State of the Ubuntu Error Tracker

Sat Aug 18 16:15:29 UTC 2012

This is a periodic update of the status of the Ubuntu Error Tracker project
(whoopsie-daisy).

*Get involved*

We're looking for people to help with the Ubuntu Error Tracker project.
There are lots of interesting tasks that need to be done, spanning a wide
range of technologies and skills.

This document will get you started:
https://wiki.ubuntu.com/ErrorTracker#How_you_can_help

Equally, do feel free to get in touch if you would like to help out, but
are confused or need more information.

*What we're working on*

Matthew is working on formulating a better algorithm for the "if all
updates were installed" line in the average errors per day graph:
http://people.canonical.com/~evand/tmp/IMG_5330.JPG

Brian discovered the source of a number of corrupt reports that were being
sent to daisy.ubuntu.com. If you hit the close button when apport is
collecting information, the report is still sent, but without the rest of
the data:
https://bugs.launchpad.net/errors/+bug/1020994

*Handling multiple errors at once*
*
*We need to coalesce multiple application error reports into a single
dialog and do the same for system error reports. I am actively working on a
branch to implement this functionality in apport.

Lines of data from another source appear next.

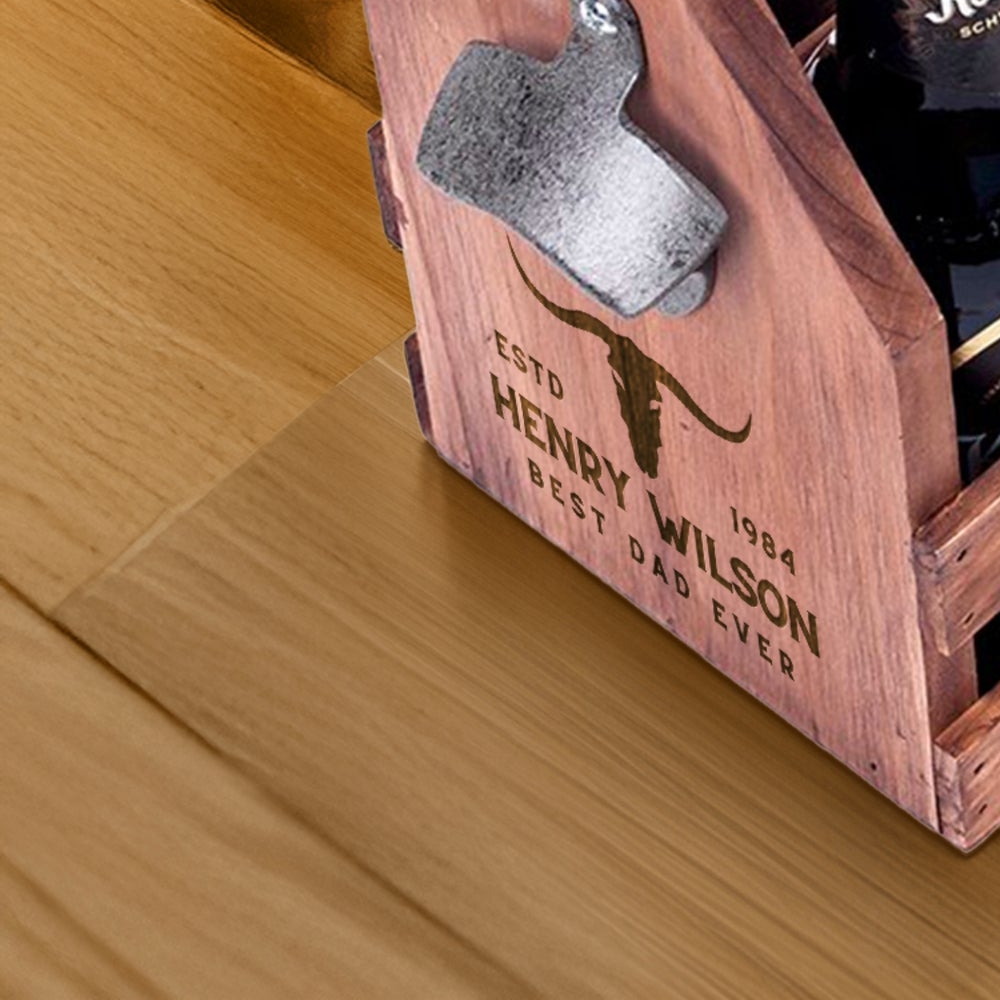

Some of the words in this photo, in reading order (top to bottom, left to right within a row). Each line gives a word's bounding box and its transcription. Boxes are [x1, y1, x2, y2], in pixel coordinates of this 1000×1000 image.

[493, 329, 564, 400] ESTD
[489, 371, 631, 511] HENRY
[646, 489, 821, 659] WILSON
[527, 457, 606, 535] BEST
[628, 533, 691, 600] DAD
[712, 598, 796, 681] EVER
[729, 505, 797, 576] 1984

https://wiki.ubuntu.com/ErrorTracker#When_there_are_multiple_simultaneous_errors
https://code.launchpad.net/~ev/apport/multiple-simultaneous-errors

*Redesigning the debconf dialogs to optionally send an error report when
shown*

The redesign work for the GTK debconf dialogs is complete and well covered
with a newly added test suite. Sending an error report when the box is
checked still needs to be implemented. I've had to put this down for now to
focus on improvements to errors.ubuntu.com needed by the release team and
the "handling multiple errors" implementation. Feel free to pick up from
the linked branch below. Just let me know you're working on it so that I
don't step on your toes.

https://wiki.ubuntu.com/ErrorTracker#When_there_is_a_debconf_prompt
https://code.launchpad.net/~ev/debconf/error-reports

*Optionally send an error report when an application hangs*
*
*
In the future, compiz will pop up an apport dialog when an application is
hanging, instead of only giving you the option to terminate the process.
The support for this in apport landed in 2.3 (r2423) via the --hanging
option. Sam pointed out that the solution as presented was not going to
work well. Matthew then reworked the UI and updated the specification
linked to below. These changes still need to be made to both the compiz
branch linked below and to apport. I haven't had time to make these changes
myself, so do feel free to pick them up. Just let me know if you do.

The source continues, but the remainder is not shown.